A Year Of Silence Between Us

A Year Of Silence Between Us

So, what do you do when the guy your dream revealed would one day be your husband, and who you were actually seeing—on the verge of dating, even—tells you that he doesn’t like you like that?

After Nathan and I stopped seeing each other at the end of July 2009, I knew that I needed to completely block him out. I needed to completely regroup. I’d had a DREAM. A very specific, very important, very life-defining dream that God gave to me. And now, it looked like I had been very, very wrong. I was afraid I was crazy. I was afraid I didn’t know the voice of God. I was afraid I’d made it up. I was afraid it would never come true. I was afraid I’d never get married.

I leaned in to my relationship with God more than ever. I worshiped for hours each week, read Scripture every day, journaled until my hands were cramped, attended Bible studies each week, went on retreats. And prayed. And prayed. And prayed. And I heard from God, and my relationship with God grew, and He ultimately healed my heart. He restored my hope, calmed my fears, worked through me in spite of myself, and renewed a steadfast spirit within me. I prayed for the renewal of my mind, and He gave it to me. Even now, tears come to my eyes when I think about all the things God gave me over the course of that year—how He poured into me every single thing I asked for: peace, mercy, hope, love, joy, courage, strength, comfort, grace, and so much more. There was no good thing that God withheld from me; His generosity was, and still is, overwhelming.

Though I prayed to move on, deep in my heart I stubbornly held on to the dream God had given me years before. I just knew there had to be a way for it to work out.

And during this year of leaning into God, reordering my heart and renewing my mind, I kept an eye on Nathan from afar. Yes . . . I Facebook-stalked him. He knows this. And even when I was doing it, he knew it.

For a long time, I would check Nathan’s page three, four, okay, fifteen times a day. But as the year wore on, I checked it less and less.
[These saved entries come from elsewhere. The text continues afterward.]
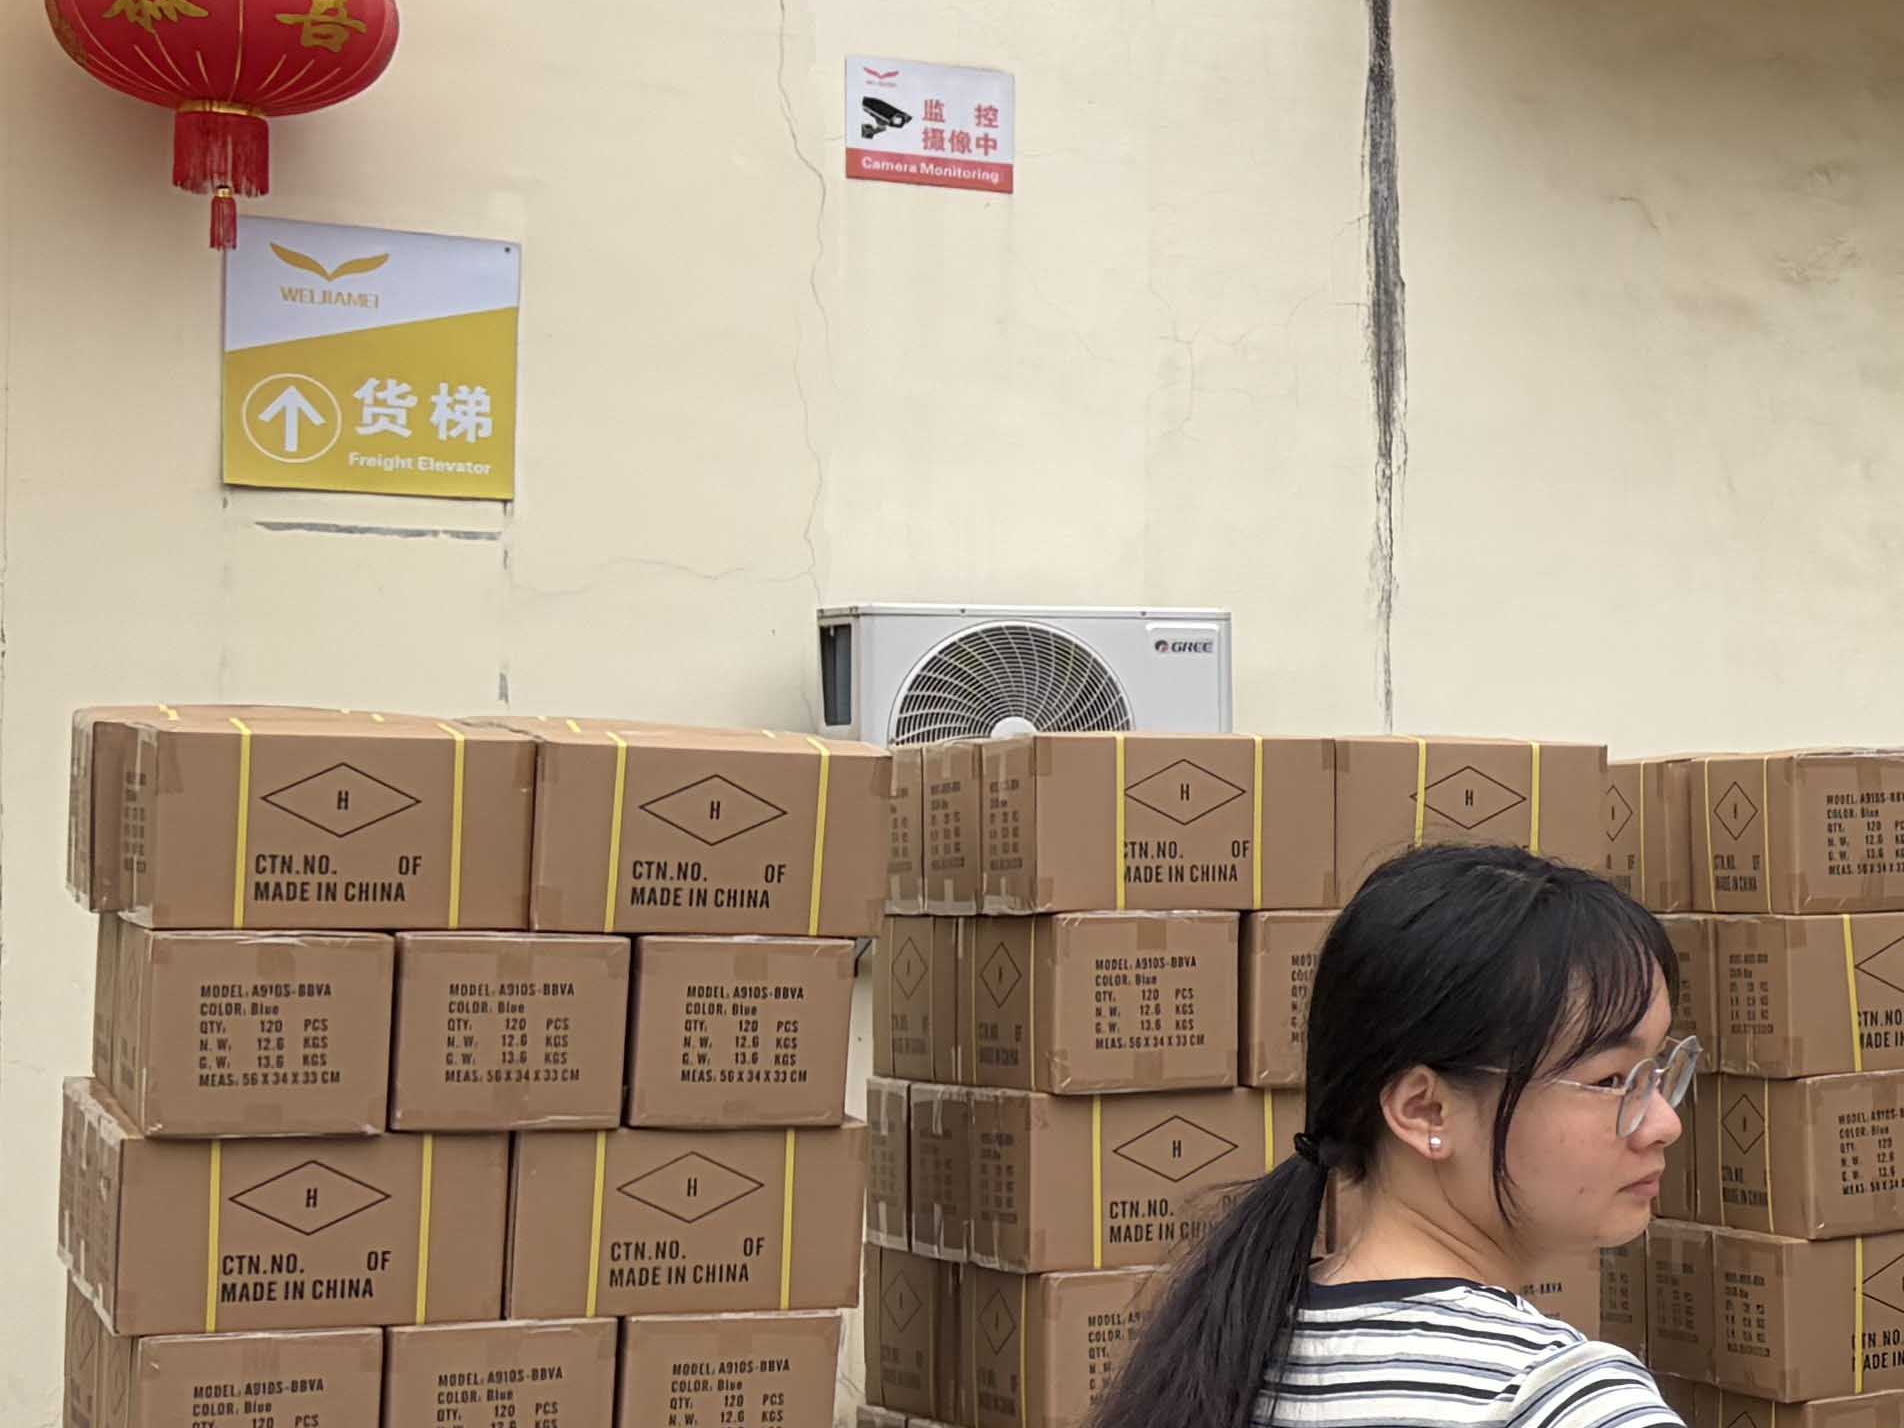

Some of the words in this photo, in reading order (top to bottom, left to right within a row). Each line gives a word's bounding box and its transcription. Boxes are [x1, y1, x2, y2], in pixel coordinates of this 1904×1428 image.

[861, 156, 918, 173] Camera
[920, 162, 1000, 185] Monitoring
[280, 286, 379, 309] WEIJIAMEI
[353, 377, 493, 444] 货梯
[349, 451, 414, 472] Freight
[418, 453, 492, 476] Elevator
[1171, 639, 1214, 654] GREE
[337, 790, 348, 810] H
[1181, 784, 1189, 801] H
[710, 801, 720, 820] H
[1232, 840, 1250, 858] OF
[255, 854, 337, 875] CTN.NO.
[399, 856, 422, 875] OF
[633, 860, 707, 882] CTN.NO.
[765, 864, 786, 883] OF
[1169, 865, 1184, 882] IN
[1190, 864, 1237, 882] CHINA
[254, 881, 310, 901] MADE
[317, 882, 337, 901] IN
[344, 882, 405, 902] CHINA
[631, 887, 683, 906] MADE
[689, 888, 707, 907] IN
[714, 889, 769, 908] CHINA
[1173, 1140, 1181, 1158] H
[687, 1178, 697, 1196] H
[306, 1188, 317, 1208] H
[1110, 1198, 1174, 1219] CTN.NO.
[1110, 1224, 1153, 1243] MADE
[1159, 1223, 1174, 1241] IN
[611, 1240, 686, 1262] CTN.NO.
[744, 1237, 764, 1256] OF
[223, 1253, 304, 1276] CTN.NO.
[367, 1251, 391, 1271] OF
[610, 1266, 661, 1287] MADE
[668, 1266, 686, 1284] IN
[693, 1264, 748, 1284] CHINA
[221, 1281, 277, 1302] MADE
[284, 1280, 304, 1300] IN
[312, 1278, 373, 1300] CHINA
Until I finally stopped focusing on what didn’t happen, what I didn’t have, and what I wasn’t.

That year of silence between Nathan and I has been one of the most important years of my life in terms of spiritual growth. And even for all of the pain I felt at the time, I wouldn’t trade it. That was the year that God built a faith in me and a strength in me that could come about no other way. And I’m grateful.

The year of silence between us ended by my own hand.

First, you have to know that I’m a devout and loyal Georgia Bulldogs fan. Go DAWGS! And a friend of mine had tickets to a Georgia game in Athens, Georgia, for a game only two days away. I just had to go, but I didn’t have anyone to go with. I could’ve gone alone, but I was nervous to do so for an event so far from my home.

I called my dad. He couldn’t go because he was out of town. I called my girlfriends. None of them could go. I called my best guy friends, none of them could go. I called thirteen of my most important people over the course of Thursday and Friday night. And no one could go.

Friday evening, around 7:30 p.m. (the game was at 12:30 p.m. the next day), I asked myself if it was possible for me to hang out with Nathan again and only be friends. I quickly decided that it was possible. So, I texted him this: “Random question: would you be interested in going to the Georgia game with me tomorrow? It’s a free ticket.”

Not five minutes later, he called me. Yikes! Cue the nerves and the hands shaking and the awkward pacing around the house as I answered the phone and tried to sound aloof, cool . . . unaffected. He said, yes, he wanted to go, but had to get his dives covered at the Georgia Aquarium for the next day (Nathan is a volunteer diver at the Georgia Aquarium. How cool is that, right?), and he would let me know. A short time later, he called and said that he’d gotten his dives taken care of and that he’d pick me up in the morning to drive to Athens.

Awesome! A new attempt at being “just friends” with Nathan. Except, when I saw him standing in my doorway the next morning, my heart revealed that my interest in him would not be confined to friendship. The reality was, nothing had changed for him—he still only wanted a friendship. Would I be able to set my feelings aside, even remove them completely, and move on? Yes . . . and no.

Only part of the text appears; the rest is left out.